--- Source data ---

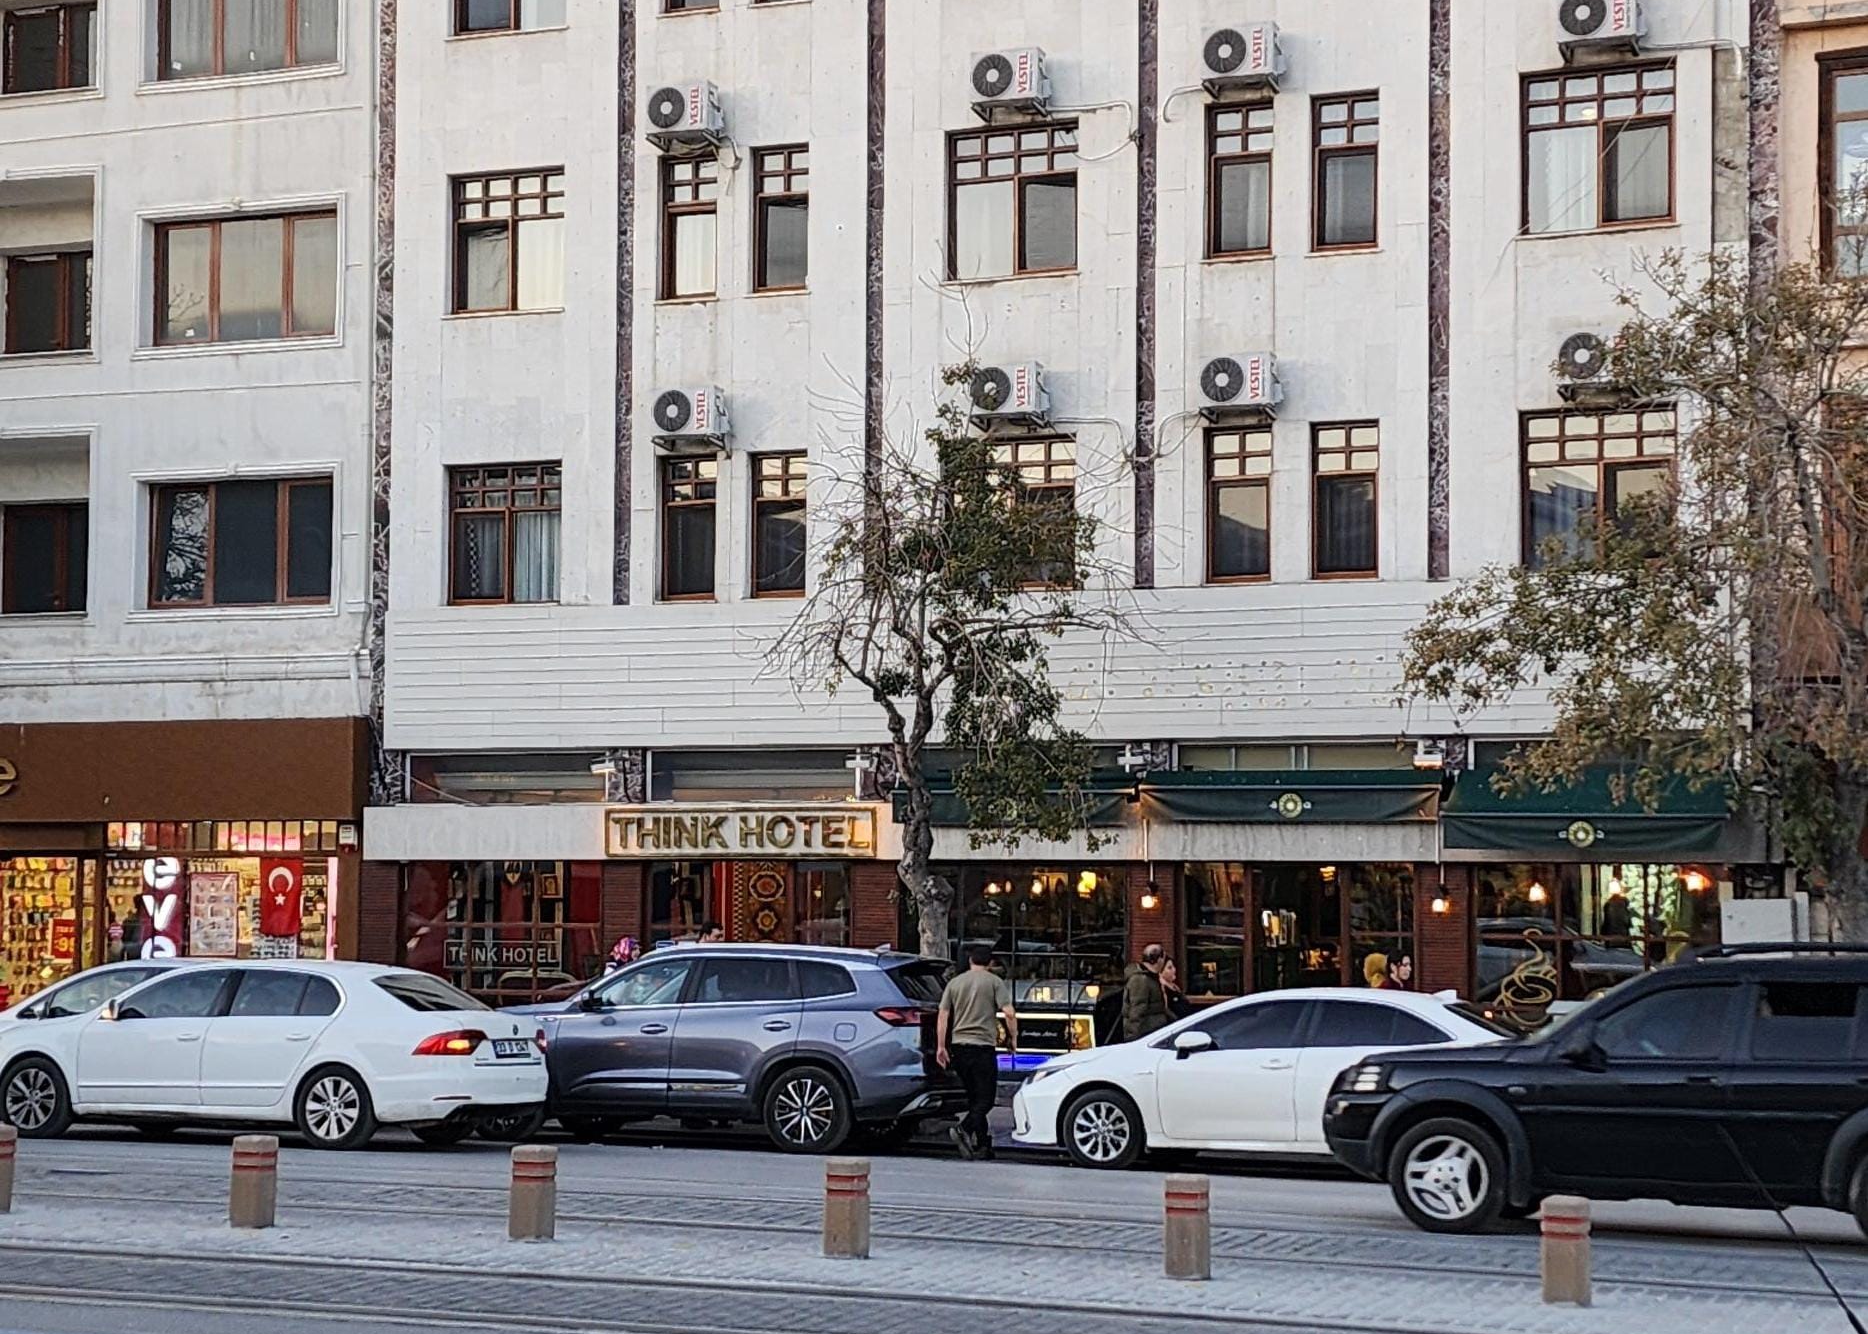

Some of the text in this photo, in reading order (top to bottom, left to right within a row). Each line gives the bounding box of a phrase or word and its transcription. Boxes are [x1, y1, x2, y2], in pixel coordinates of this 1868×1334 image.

[1252, 27, 1264, 69] VESTEL
[1018, 52, 1029, 93] VESTEL
[689, 86, 700, 125] VESTEL
[1016, 367, 1027, 407] VESTEL
[1249, 356, 1261, 399] VESTEL
[695, 390, 706, 429] VESTEL
[611, 815, 870, 849] THINK HOTEL
[502, 947, 559, 963] HOTEL
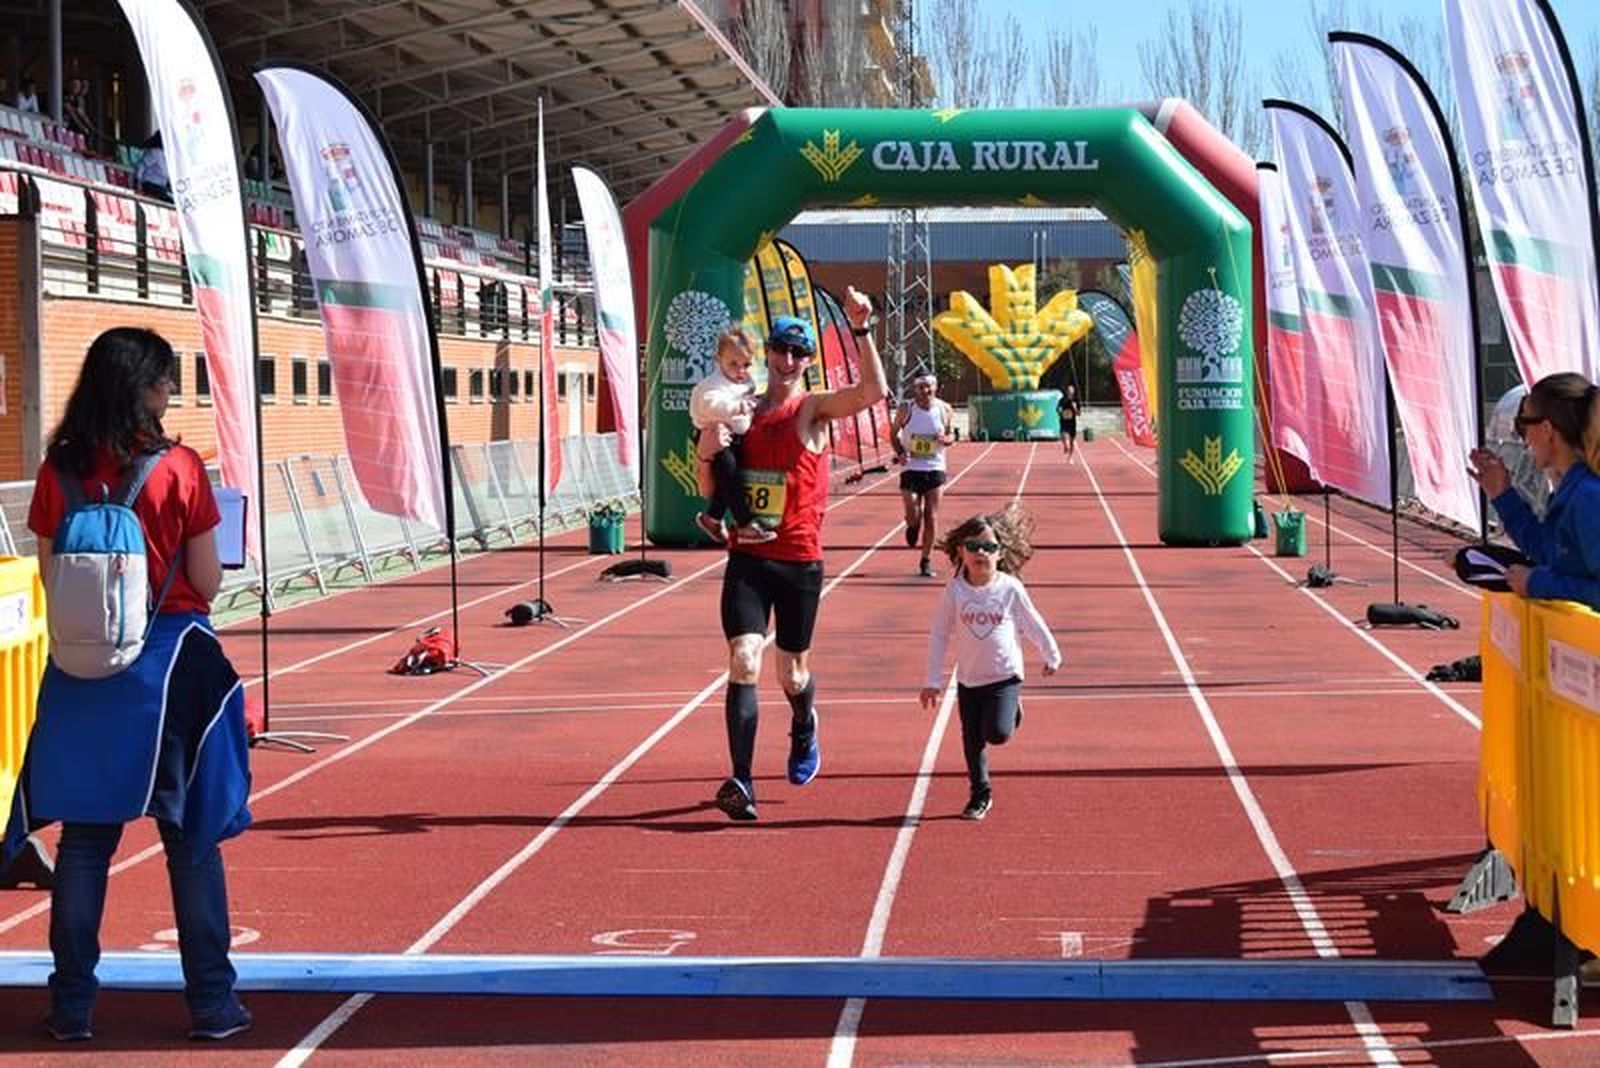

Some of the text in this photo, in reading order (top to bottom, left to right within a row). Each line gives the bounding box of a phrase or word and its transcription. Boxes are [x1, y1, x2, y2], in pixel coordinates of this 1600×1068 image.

[872, 141, 1099, 172] CAJA RURAL
[960, 611, 1003, 625] WOW
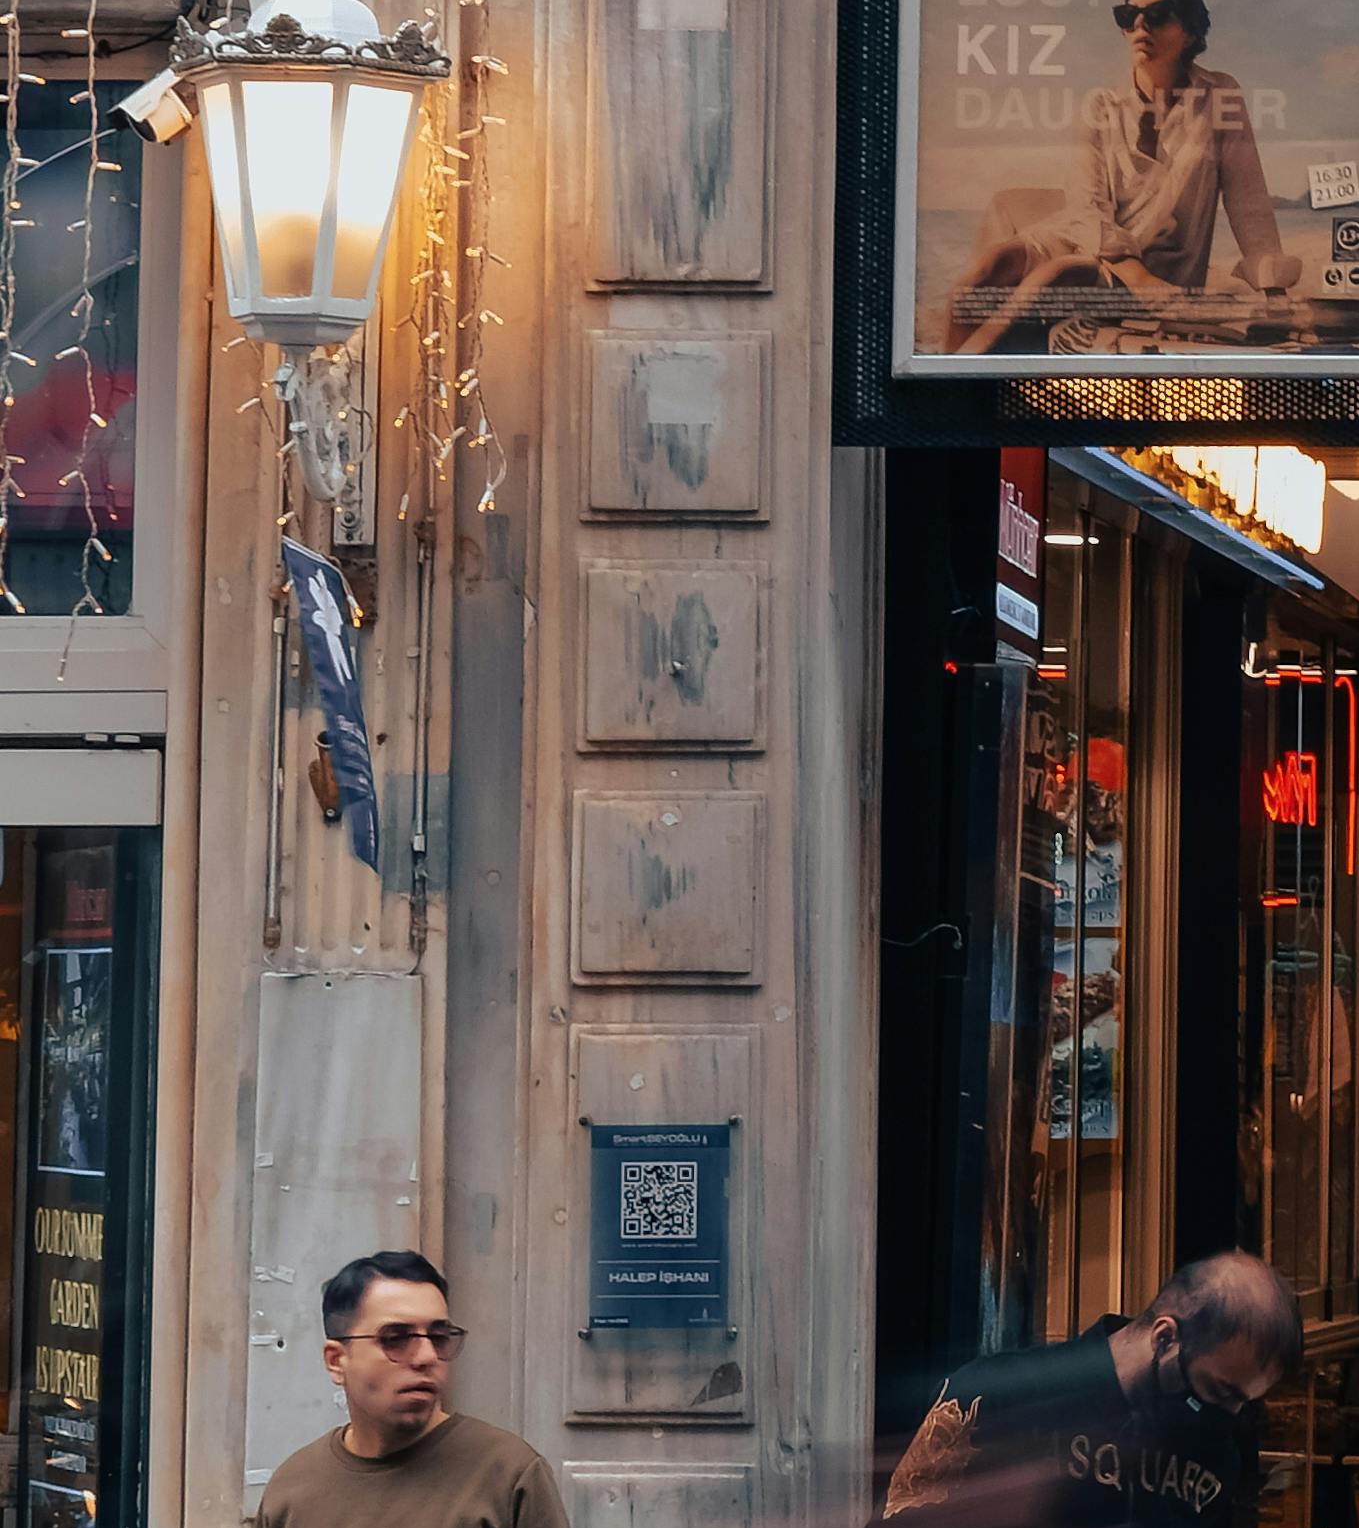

---

Assignment: An exact copy of all the lines above is required, with the pictures removed.

Solution to the problem:
Some of the text in this photo, in reading order (top to bottom, left to right within a row). Each line gives the bounding box of a phrase or word and its transcription. Boxes are [x1, y1, x2, y2], in pixel coordinates of this 1868×1334 image.

[1252, 27, 1264, 69] VESTEL
[1018, 52, 1029, 93] VESTEL
[689, 86, 700, 125] VESTEL
[1016, 367, 1027, 407] VESTEL
[1249, 356, 1261, 399] VESTEL
[695, 390, 706, 429] VESTEL
[611, 815, 870, 849] THINK HOTEL
[502, 947, 559, 963] HOTEL

Some of the text in this photo, in reading order (top to bottom, left to right within a row). Each line gives the bounding box of a phrase or word and its transcription. Boxes are [x1, y1, x2, y2], in pixel coordinates of this 1600×1068 image.

[872, 141, 1099, 172] CAJA RURAL
[960, 611, 1003, 625] WOW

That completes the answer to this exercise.